I can tell you, this is not the case. One of the most shocking things I learned while transitioning from a registered nurse to a nurse practitioner was the absolute limitation in options we have as providers. We only have a few things to offer, a few laboratory tests, an x-ray or two, a few medications that may or may not be effective. Most medications also go along with an enormous list of potential side effects that have to be taken into consideration. Many prescription medications are not necessary, and can lead to a variety of new problems. The risk vs benefit of any treatment needs to be considered.

We are making progress in many areas of medicine, but we are still far from able to treat many conditions effectively enough. MS is a wonderful example of this. MS, and many other autoimmune diseases such as type 1 diabetes and lupus, remain major medical mysteries. We have come a long way, but we haven't gone far enough. We have our handful of treatment options for RRMS, but the benefits are not that impressive from a statistical standpoint. Reduction of relapses at about 30-50% are about the most we can hope for, and this is better than the "zero options" that my grandmother had with MS in the 1950s.
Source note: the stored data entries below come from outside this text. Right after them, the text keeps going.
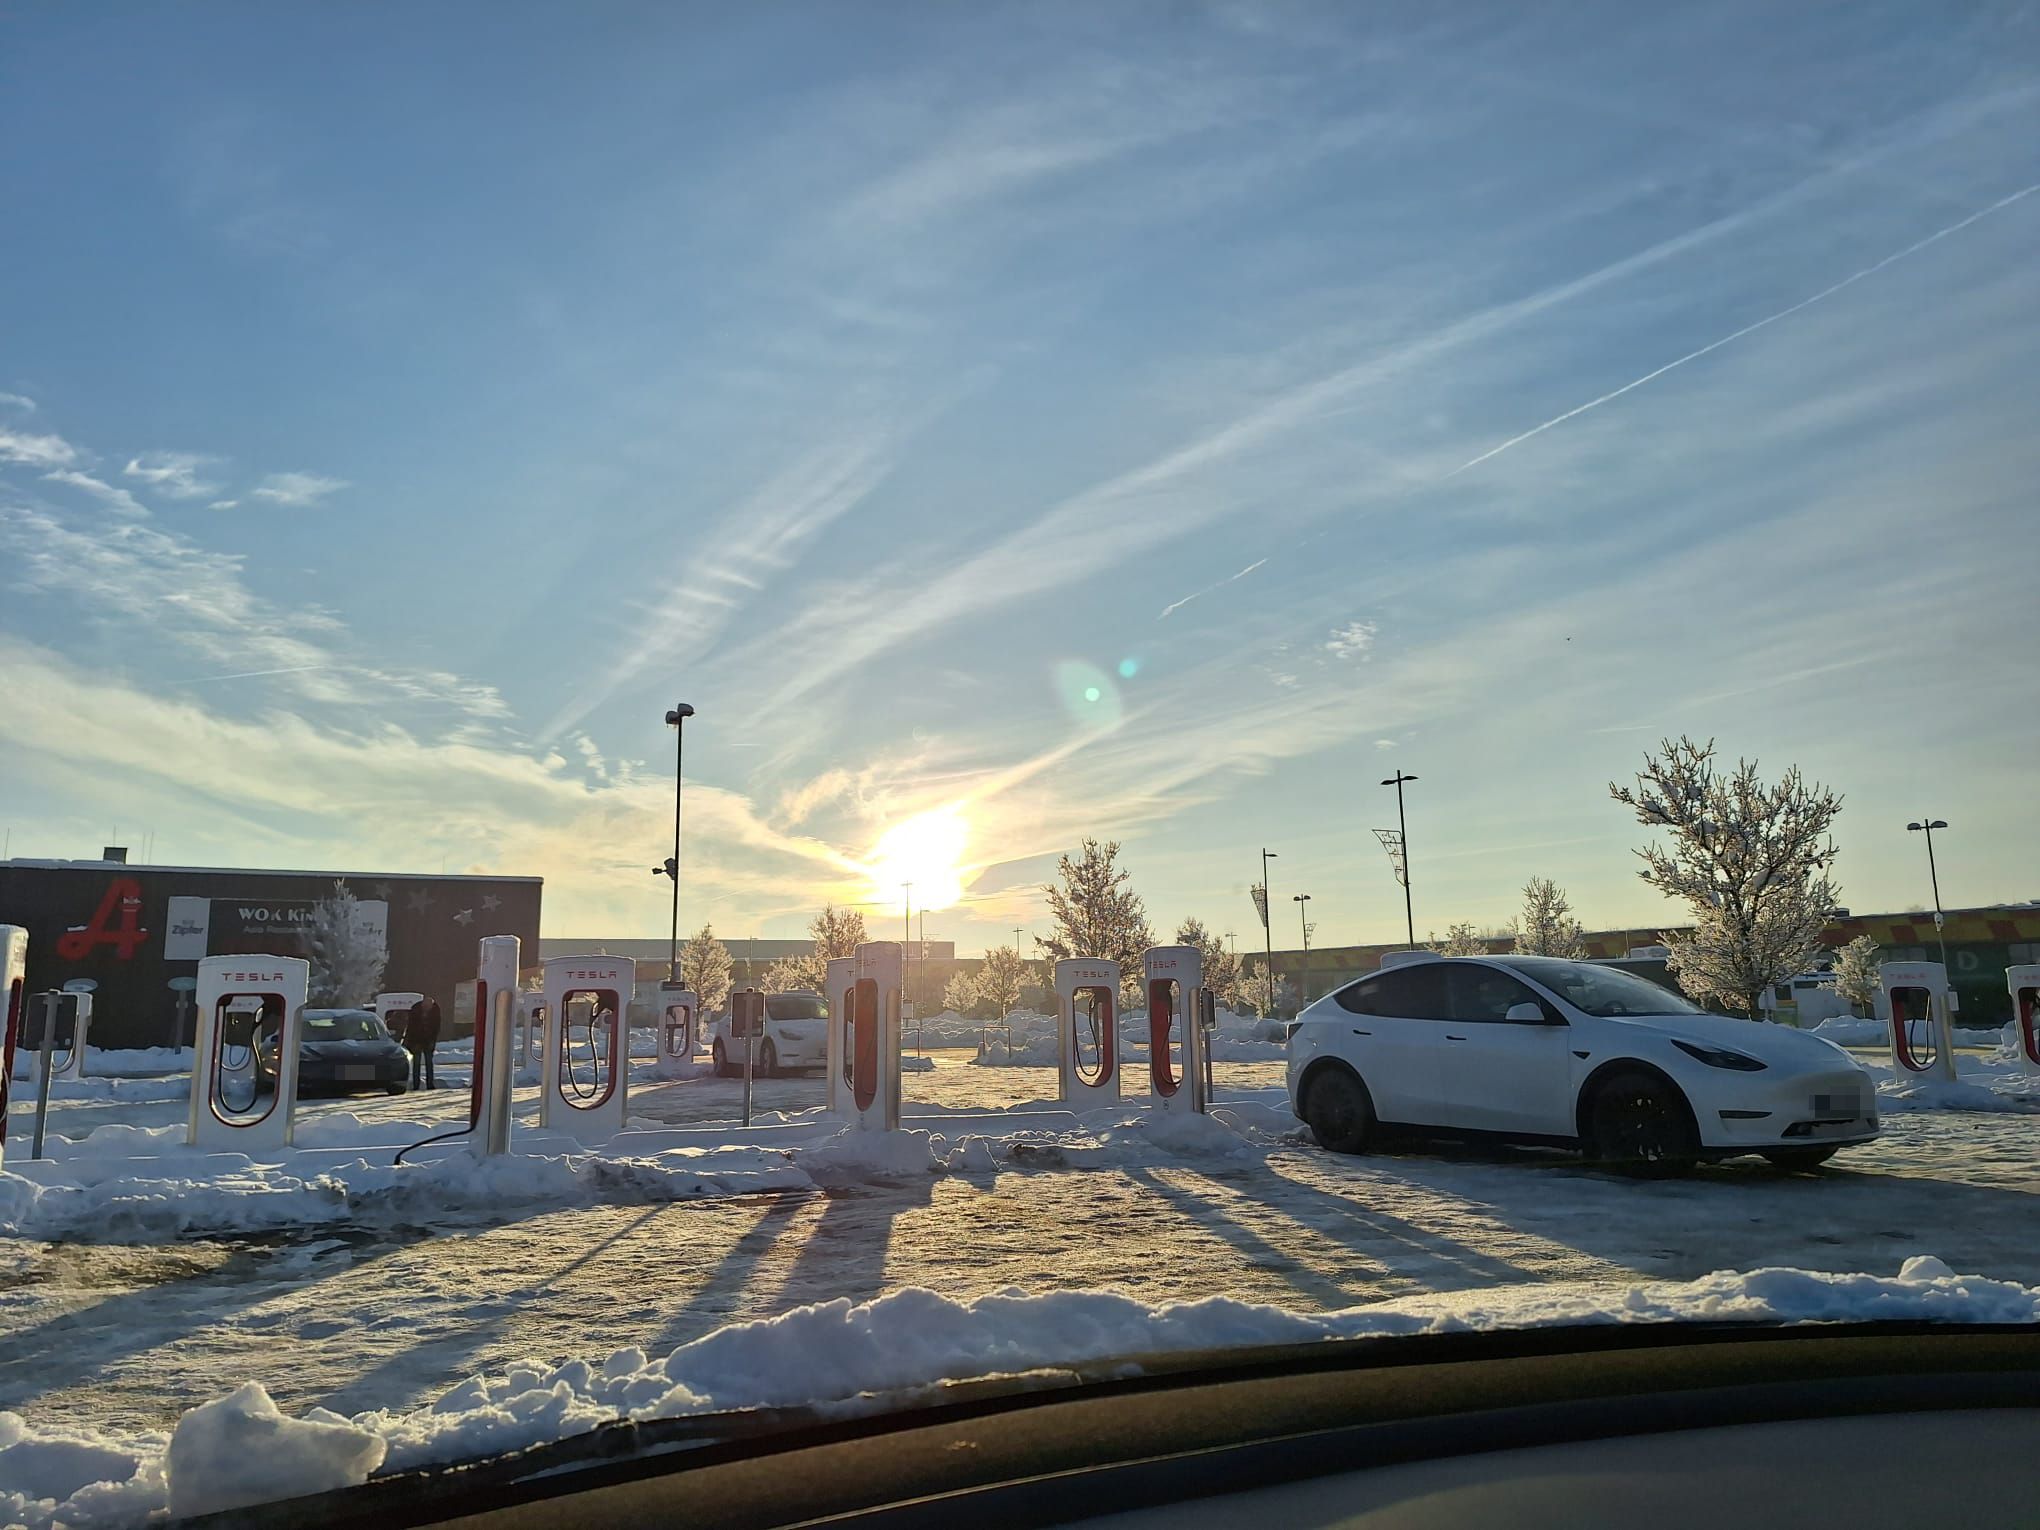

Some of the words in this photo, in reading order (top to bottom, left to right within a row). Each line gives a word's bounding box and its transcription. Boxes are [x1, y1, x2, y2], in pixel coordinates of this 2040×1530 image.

[238, 907, 282, 921] WOK
[1147, 959, 1178, 969] TESLA
[221, 972, 284, 982] TESLA
[565, 970, 617, 979] TESLA
[1072, 970, 1110, 978] TESLA
When you visit your provider, keep in mind that they may not have an answer for every question you may have. Your provider is doing their best, I am sure....but the answer "I do not know" is an acceptable one sometimes. I always trust providers who admit that they do not have an answer, because this is honesty. If your provider says, "well, if you really want to take something you can try this..." this is code for- "you really do not need this."

Disease modifying medications can make a major difference in the life of an MS patient. I have chosen to take Tecfidera myself, and I am happy with it at this point. None of these medications are perfect, and many come with a host of side effects that range from unpleasant to deadly. The price of these and other new prescription medication is an outrage, in my opinion. I have serious issues with the way our pharmaceutical system works, and I would change it if I could. These are our options at this point in time however, and I am grateful that we have them. You should have a frank discussion with your provider before selecting a medication for yourself, and I would highly recommend being on one of these DMDs if recommended.

Trust your body to be able to handle most minor issues. Your body is an intricate, well constructed, dynamic machine that is much wiser than we are as health providers. Now and then, the body might need an extra hand at combating an infection, but not always. Listen to your body! Prevention is the key! Get your immunizations, get some exercise, eat healthy foods, and obviously avoid smoking and alcohol. MS aside, we all need the same basic advice on remaining healthy and living the best life possible.